New protocol FSSC 22000 version 4
The protocol version 4, what exactly?
The FSSC 22000 certification is managed by a protocol published by the FSSC Foundation, which defines the different requirements applicable to certified companies, certification bodies and accreditation services. This protocol has evolved towards version 4 in order to be in line with the requirements of the GFSI (Global Food Safety Initiative). FSSC certification is still based on ISO 22000 and the PRP standard. (Ex ISO TS 22002-1) (Food Manufacturing).
What are the changes that will affect our company?
The main changes to consider are:
The implementation of new requirements for the establishment of a Food Fraud and Food Defense systems.
- Mandatory conduct of at least one of the unannounced surveillance audits.
- Increasing the duration of audits with an average 4 – 8 hours per year and per site.
- A change in the definition of non-conformities, with the appearance of critical non-conformity and the disappearance of the notion of "remark" or "recommendation". The definitions of major and minor non-conformities remain unchanged.
When will these changes become mandatory?
The version 4 protocol is applicable from 1st January 2018. This means that all the audits that will be carried out in 2018 will have to be done according to the new requirements.
However, you can choose to "upgrade" your current certification to version 4, starting in October 2017.
My next audit, which is planned in 2018, is a surveillance audit, Should we do a re-certification for version 4?
If the 2018 audit is a surveillance audit (year 1 or 2), there is no requirement to recertify, but simply to perform the surveillance audit on dates agreed with your auditor, adding a few hours - more generally from 4 to 8 hours in order to audit the new requirements of V4. This audit will be called an "upgrade audit". You will receive a new contract demonstrating the additional time which will be valid for the balance of the initial certification cycle. Following this audit, if certification is maintained, ProCert will issue a new FSSC V4 certificate, with the same expiration dates as your current version 3 certificate.
We would like to obtain FSSC certification in 2017, do we have to apply the requirements of FSSC v4 ?
It is entirely possible to grant FSSC version 3 certification until 31 December 2017. In this case the audit phase 2 or the recertification audit must take place before 15 November 2017. The migration to the version 4 will then be carried out in 2018 during the surveillance audit.

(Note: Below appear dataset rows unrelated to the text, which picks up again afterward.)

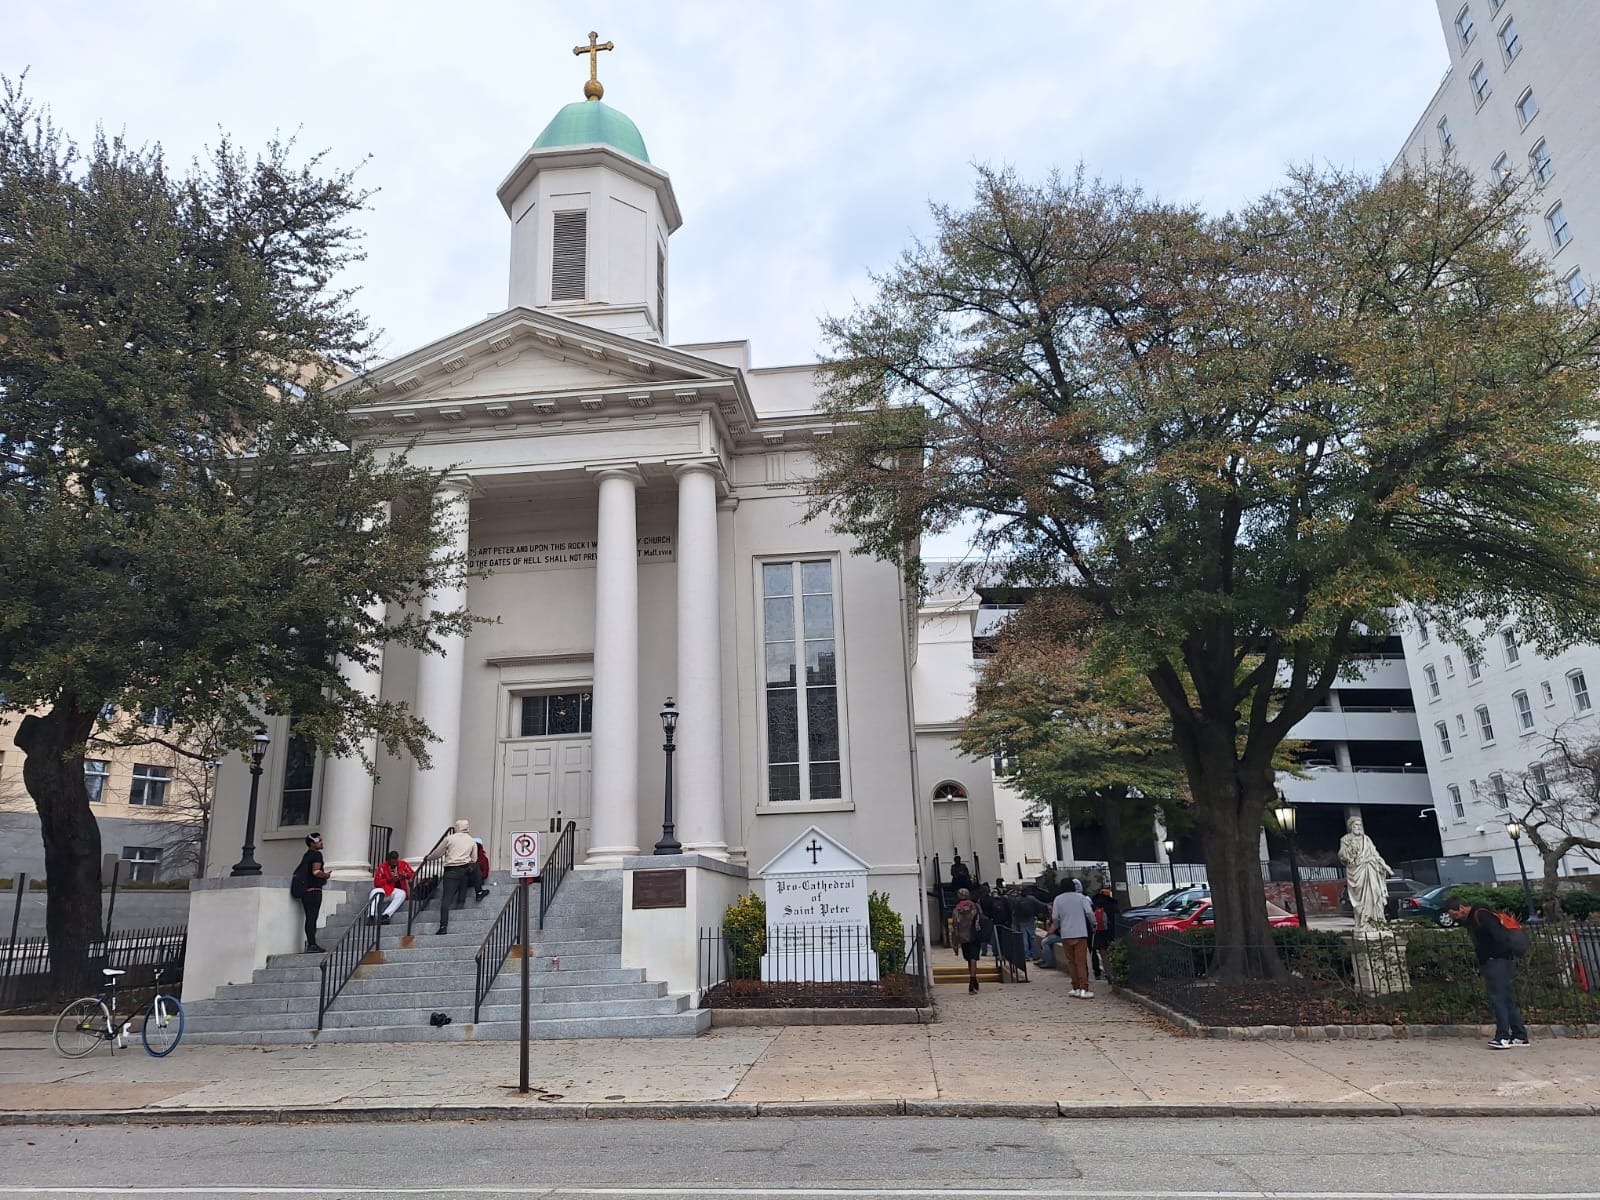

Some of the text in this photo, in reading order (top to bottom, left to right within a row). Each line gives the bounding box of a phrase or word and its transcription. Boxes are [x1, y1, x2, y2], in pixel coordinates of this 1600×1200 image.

[478, 547, 493, 555] ART
[529, 544, 549, 553] UPON
[550, 542, 566, 551] THIS
[567, 541, 586, 550] ROCK
[644, 536, 671, 544] CHURCH
[475, 560, 488, 568] THE
[489, 558, 511, 567] GATES
[512, 557, 522, 565] OF
[523, 556, 542, 565] HELL
[544, 555, 568, 563] SHALL
[569, 554, 582, 562] NOT
[776, 879, 855, 894] Pro-Cathedral
[811, 892, 822, 902] of
[783, 903, 851, 917] Saint Peter

Do not hesitate to contact your Market Manager for an offer in this regard.
If the action plan has not yet been closed in a non-advertised monitoring audit, what happens?
The auditor will be able to renew the non-conformities still open in minor or major depending on the causes. We recommend that you close them within 6 months after the audit.
We are already FSSC certified, and our surveillance audit is planned for 2018, will it be conducted in unexpected?
No, in this case, your surveillance audit will be an "upgrade" audit, it will be conducted normally according to the scheduled dates.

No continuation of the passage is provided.